Dans la longue liste des agressions perpétrées par Israël contre des pays arabes hors du champ de bataille classique et qui donnent corps à ce mythe figure l’attaque en 1985 contre Hammam Chott près de Tunis, qui accueillait alors le siège du quartier général de l’OLP. Là se trouvaient réunies en grand nombre les forces palestiniennes après leur départ de Beyrouth en 1982. Le bilan de l’attaque menée par un escadron d’avions ultra-modernes de fabrication étasunienne, on s’en souvient, fut très lourd puisque 50 combattants palestiniens furent tués parmi lesquels des responsables militaires importants, ainsi que 18 civils tunisiens. Une attaque menée par l’aviation israélienne à plus de 3000 km de ses bases que nombre de pays occidentaux, au-delà d’une fausse indignation, saluèrent mezza voce comme une performance technologique, occultant le fait que dans cette opération, l’armée israélienne avait alors pu bénéficier de toute la logistique étasunienne. 10 avions d’attaque F15 ; le soutien d’un avion-radar étasunien surtout. Sans parler des deux Boeings 707 ravitailleurs déguisés en avions de ligne. Ainsi que de la complaisance de tous les staffs aéronautiques des pays côtoyés sur leur trajet.

Rappelons-le, cette attaque surprise se voulait une réplique à l’attentat perpétré par un commando palestinien contre les passagers d’un voilier de gentils touristes israéliens dans le port de Larnaca à Chypre, gentils touristes qui en fait seront reconnus par la suite comme étant trois agents du Mossad dont la célèbre Sylvia Raphaël, chef d’un commando du Mossad ayant à son actif l’assassinat de plusieurs responsables de l’OLP en Europe.

En bref, l’attaque du 1er octobre 1985 contre Tunis a davantage donné corps à la légende d’une aviation israélienne frappant quand et où elle voulait.

C’est dans ce contexte que les Palestiniens décident, en 1988, d’organiser leur CNP à Alger, d’une part parce que le gouvernement tunisien, juste après la prise du pouvoir par Ben Ali, est peu enclin à l’accueillir, mais aussi car désormais, Tunis s’avère une cible facile pour l’aviation israélienne.
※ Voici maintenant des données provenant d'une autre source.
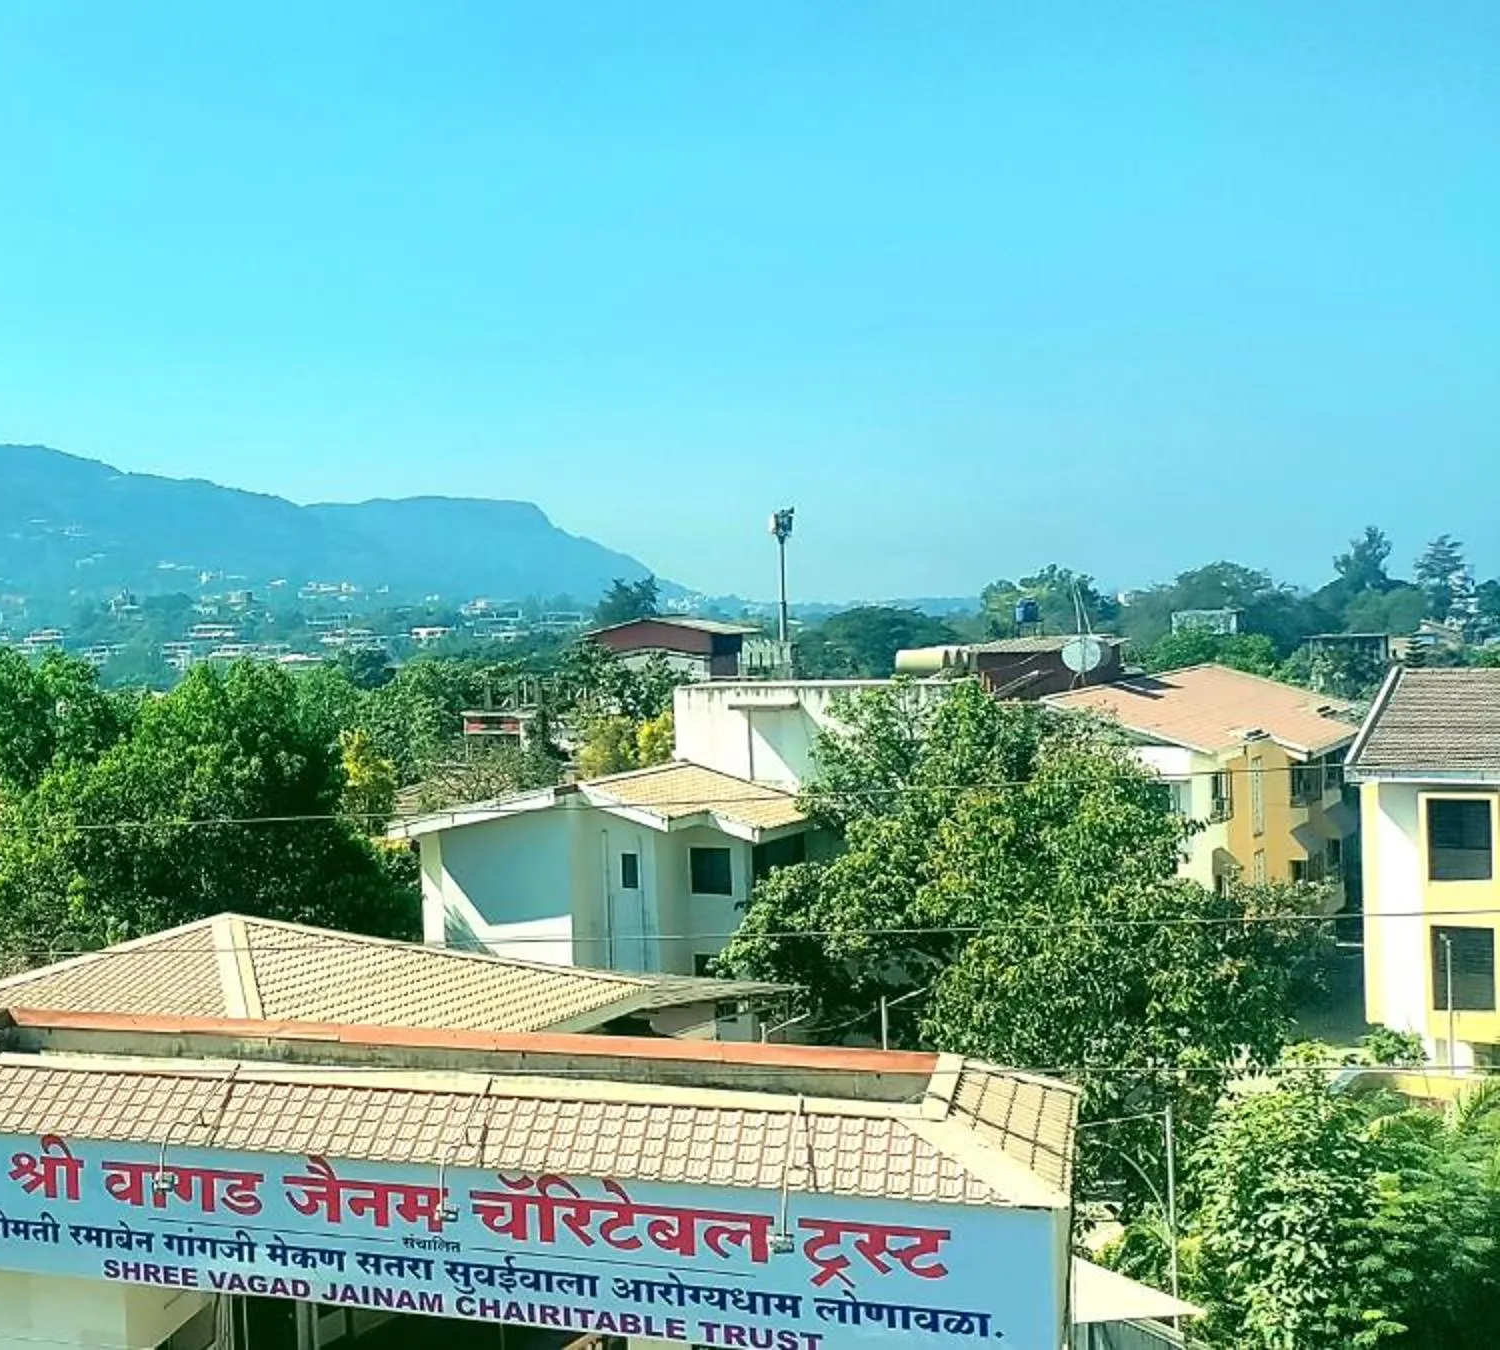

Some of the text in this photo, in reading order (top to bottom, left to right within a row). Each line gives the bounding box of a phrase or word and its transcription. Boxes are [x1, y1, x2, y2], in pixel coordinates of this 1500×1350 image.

Compte tenu du précédent tunisien, l’Algérie du président Chadli offre l’asile à l’OLP, mais entend déployer tout un dispositif de sécurité terrestre, maritime, mais surtout aérien pour dissuader une éventuelle attaque. Évidemment, devant les préparatifs d’organisation du CNP, Israël se garde bien d’émettre la moindre menace qui pourrait alerter ses ennemis. Mais les spécialistes algériens et palestiniens en sont certains, Israël ne peut louper une si belle occasion de se débarrasser de toute la direction de l’OLP réunie. La question est : quand ? Dans l’incertitude, les mesures les plus sérieuses sont prises. Tout d’abord le campement de la force 17 palestinienne de Tebessa, près de la frontière tunisienne, va être transféré à El Bayadh dans le Sud-ouest algérien. Ensuite, toute une série de précautions militaires est prise cinq jours avant la date de début des travaux du CNP visant à la création d’un État palestinien en exil. En fait, le déploiement de forces algérien sera plus important encore que lors du conflit avec le Maroc.
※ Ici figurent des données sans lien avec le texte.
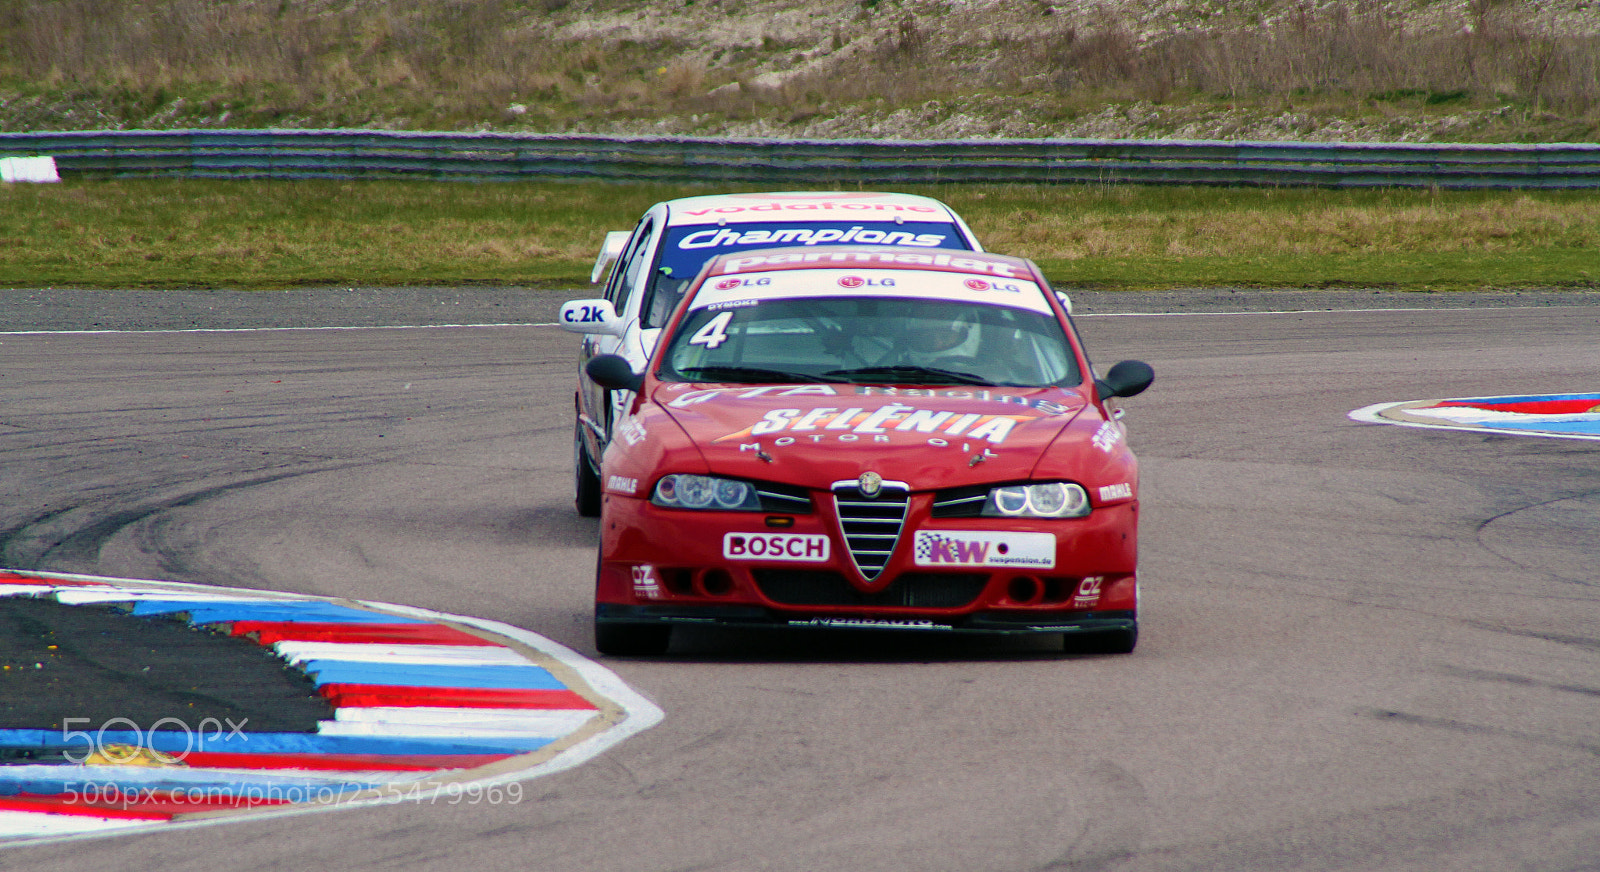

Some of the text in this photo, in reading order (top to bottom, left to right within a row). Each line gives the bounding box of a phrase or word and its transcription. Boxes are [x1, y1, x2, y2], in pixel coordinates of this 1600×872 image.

[682, 201, 937, 216] vodafone
[678, 226, 946, 249] Champions
[723, 251, 1017, 277] parmalat
[742, 277, 772, 287] LG
[866, 278, 896, 287] LG
[991, 282, 1021, 293] LG
[564, 305, 605, 323] c.2k
[688, 311, 734, 349] 4
[739, 434, 999, 458] MOTOR OIL
[607, 475, 638, 494] MAHLE
[1099, 482, 1133, 502] MAHLE
[728, 535, 825, 558] BOSCH
[930, 540, 991, 563] KW
[631, 565, 656, 585] OZ
[1079, 575, 1104, 596] OZ
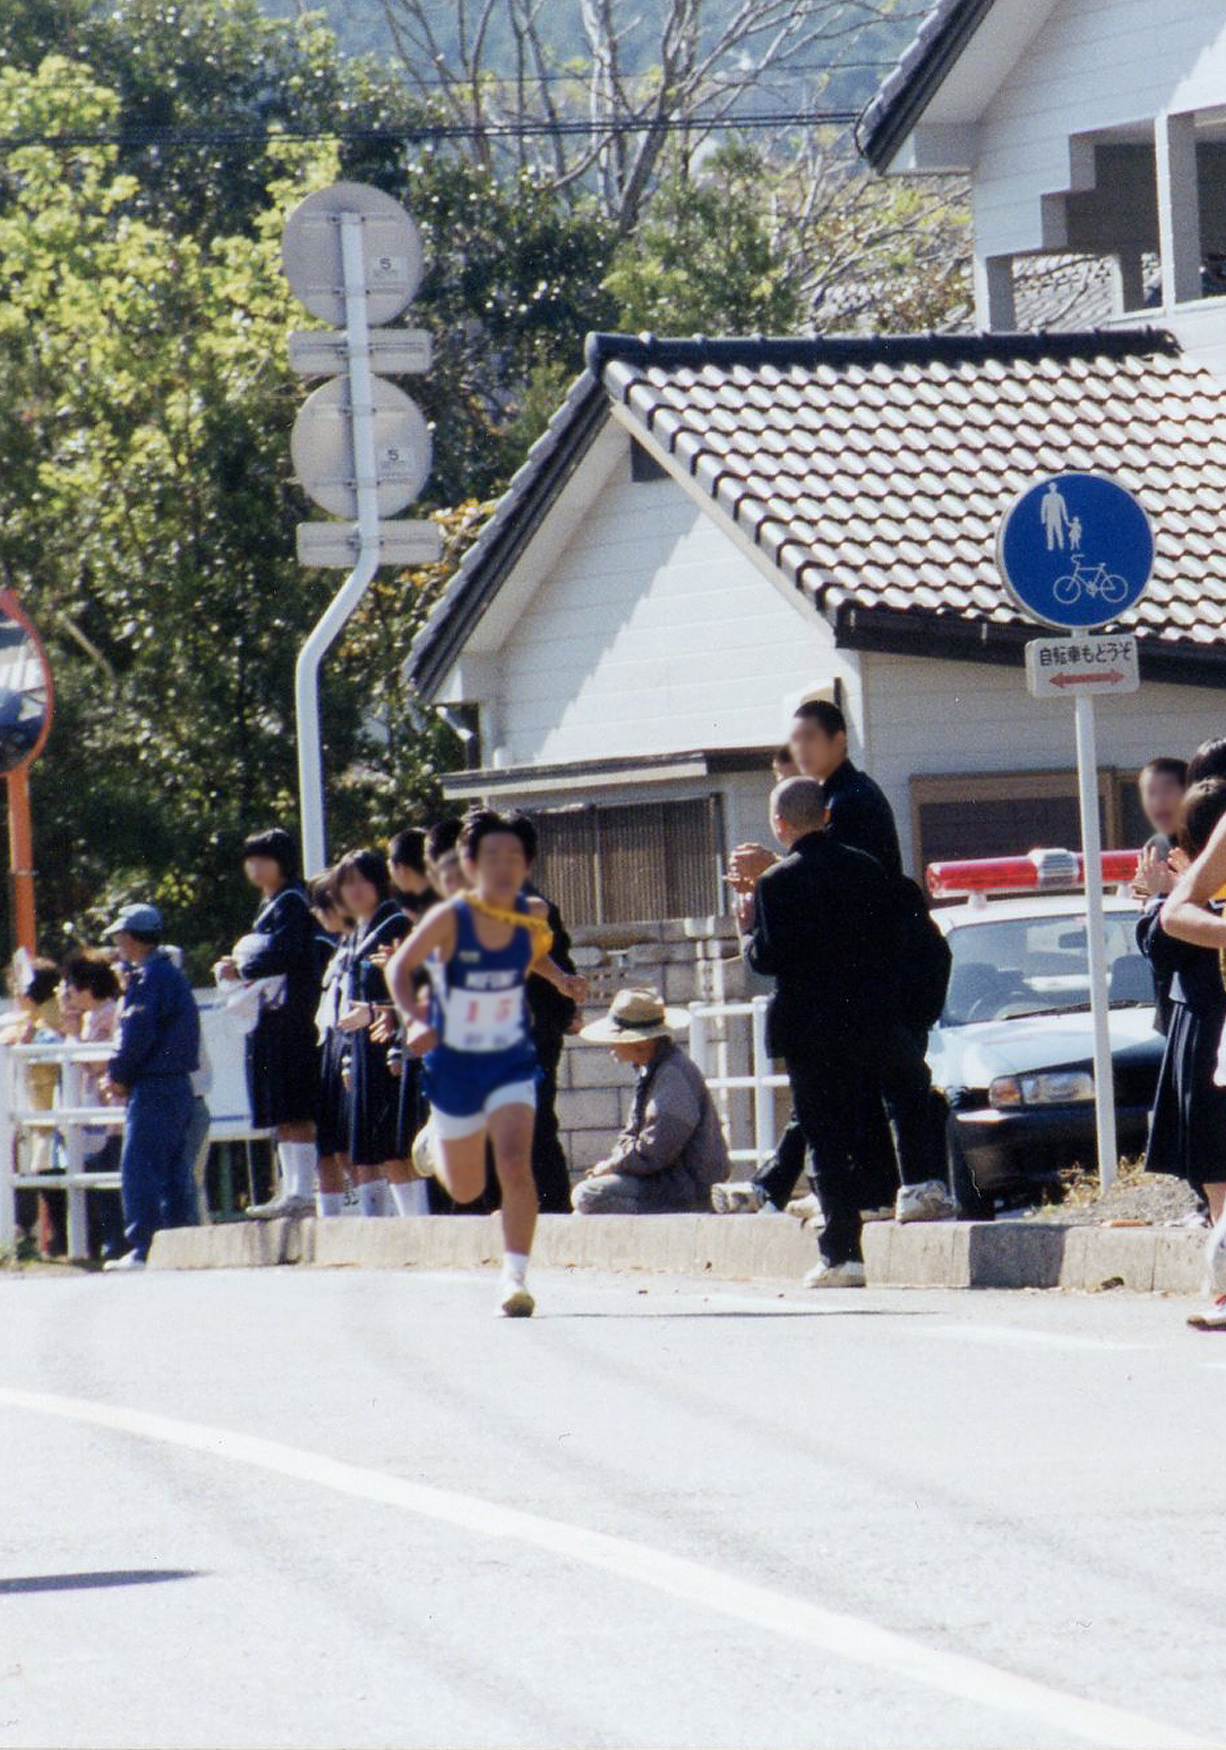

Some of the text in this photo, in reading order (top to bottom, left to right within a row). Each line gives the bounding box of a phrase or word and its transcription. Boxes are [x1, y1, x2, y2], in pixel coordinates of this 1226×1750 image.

[1040, 641, 1133, 667] 自転車もどうぞ
Ce sera d’abord l’ensemble des radars et systèmes anti-aériens algériens, c’est-à-dire des stations de missiles anti aériens qui seront mis en alerte. Ensuite toutes les bases aériennes de la côte algérienne d’Annaba, à l’extrême Est du pays, jusqu’à Oran à l’Ouest seront mis en alerte. Pour éviter toute attaque surprise, deux avions Mig 21 dits intercepteurs seront maintenus par roulement en permanence en l’air. Non seulement les militaires algériens installent des batteries de missiles anti-aériens de courte portée depuis Annaba jusqu’au palais des nations à Alger où doit se tenir le congrès, mais ils reçoivent l’ordre d’établir une zone d’interdiction aérienne de 20 kilomètres de rayon autour de la capitale et une zone de contrôle de 200 kilomètres. Cela signifie que plus aucun aéronef, ni civil ni militaire, ne peut se déplacer en direction d’Alger dans cette zone d’interdiction sans autorisation express du commandement de l’armée de l’air.
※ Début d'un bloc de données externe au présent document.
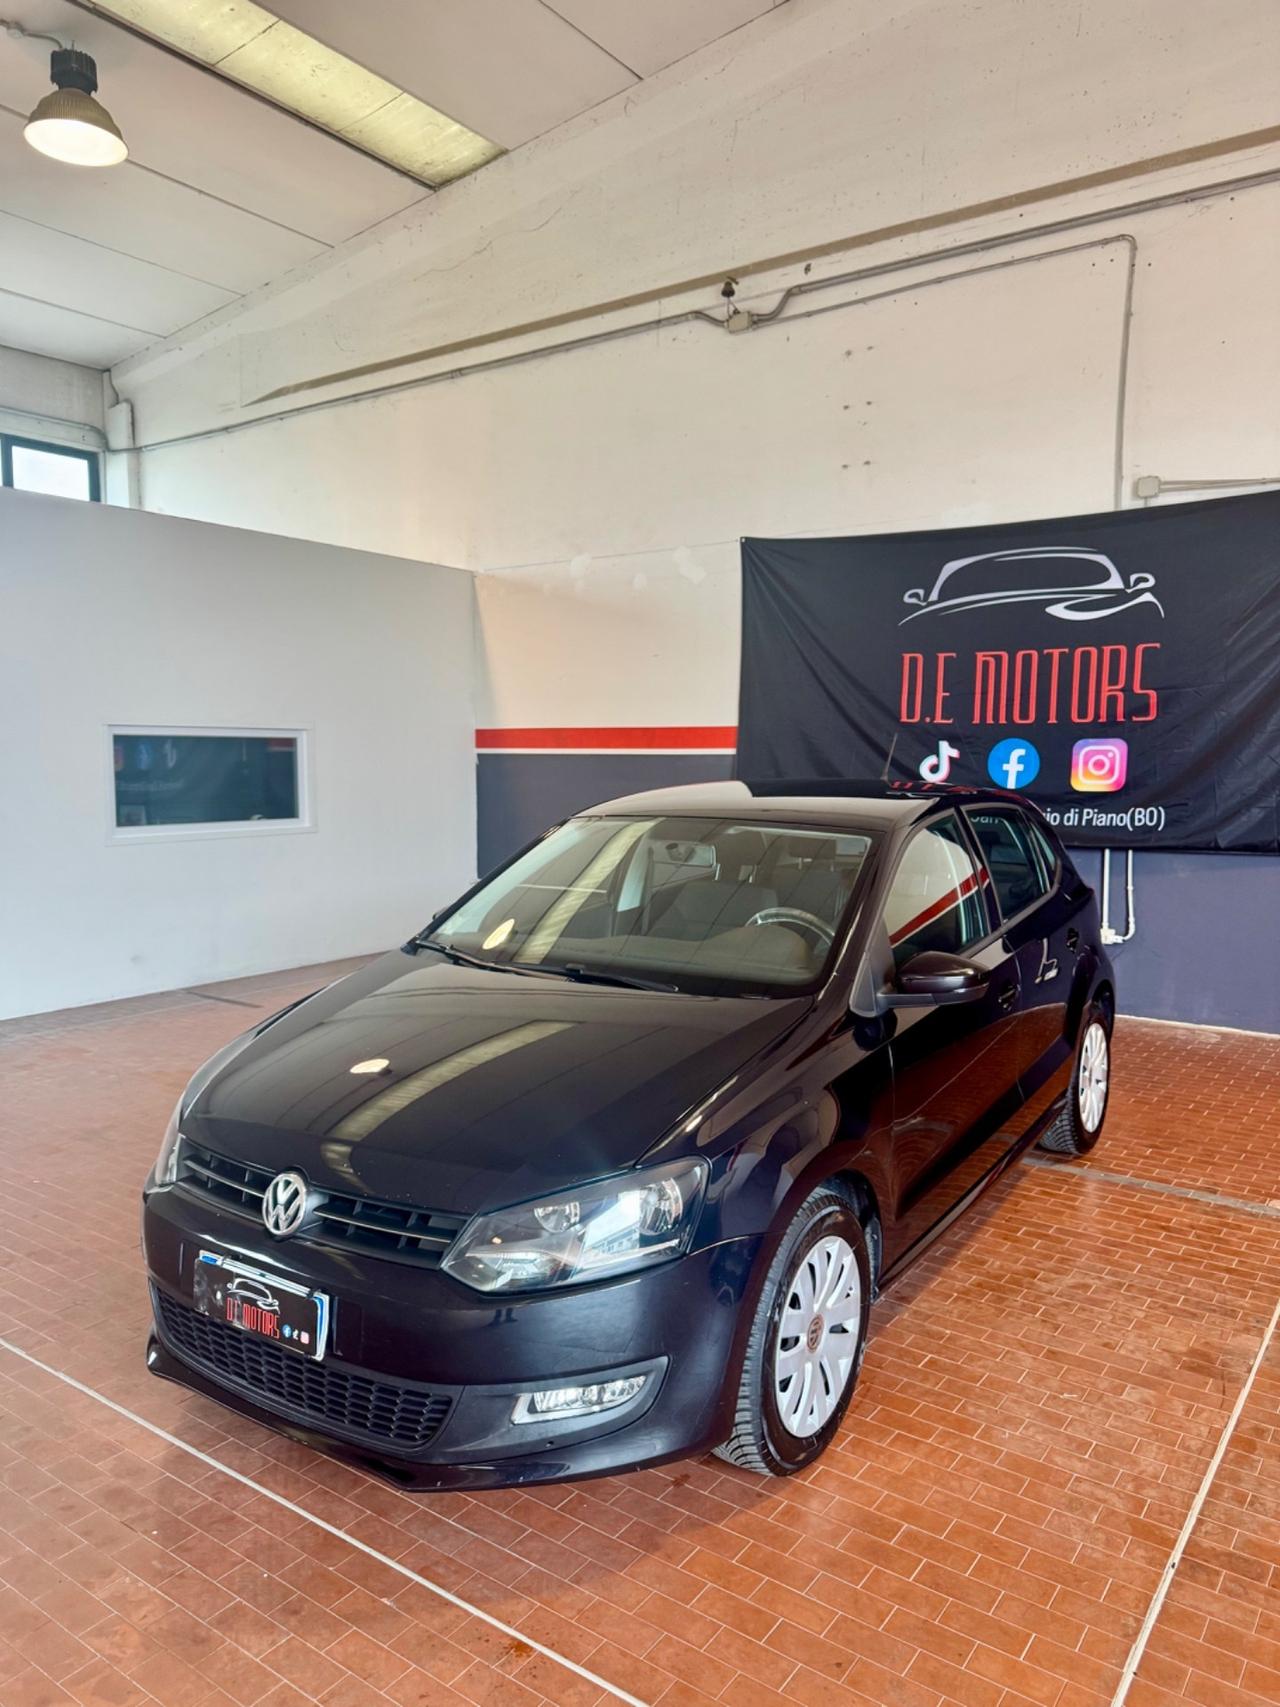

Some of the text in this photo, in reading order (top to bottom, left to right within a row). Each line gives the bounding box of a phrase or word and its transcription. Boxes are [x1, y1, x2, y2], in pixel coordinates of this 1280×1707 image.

[900, 643, 1160, 724] D.E MOTORS
[1063, 808, 1079, 826] di
[1081, 806, 1165, 832] Piano(BO)
[242, 1303, 280, 1339] MOTORS
Ensuite, immédiatement près du Palais des nations, en dernier recours au cas où les attaquants auraient réussi à déjouer les avons en l’air et les radars, des rampes de missiles terre/air montés sur blindés sont disposées. Tout ce matériel étant le dernier cri des industries soviétiques. Mais le top du matériel aérien soviétique est entre les mains de l’armée algérienne les Migs 23 et surtout les Mig 25, un des meilleurs si ce n’est le meilleur avion de sa génération pouvant facilement faire face aux avions F15 étasuniens. Du coup, à l’ouverture du CNP, une dizaine d’avions haut de gamme seront en permanence en l’air. Ce n’est pas tout. Pour parer à toute éventualité, la marine algérienne va déployer plusieurs corvettes lance-missiles entre Alger et Annaba ainsi que ses quatre sous-marins d’attaque.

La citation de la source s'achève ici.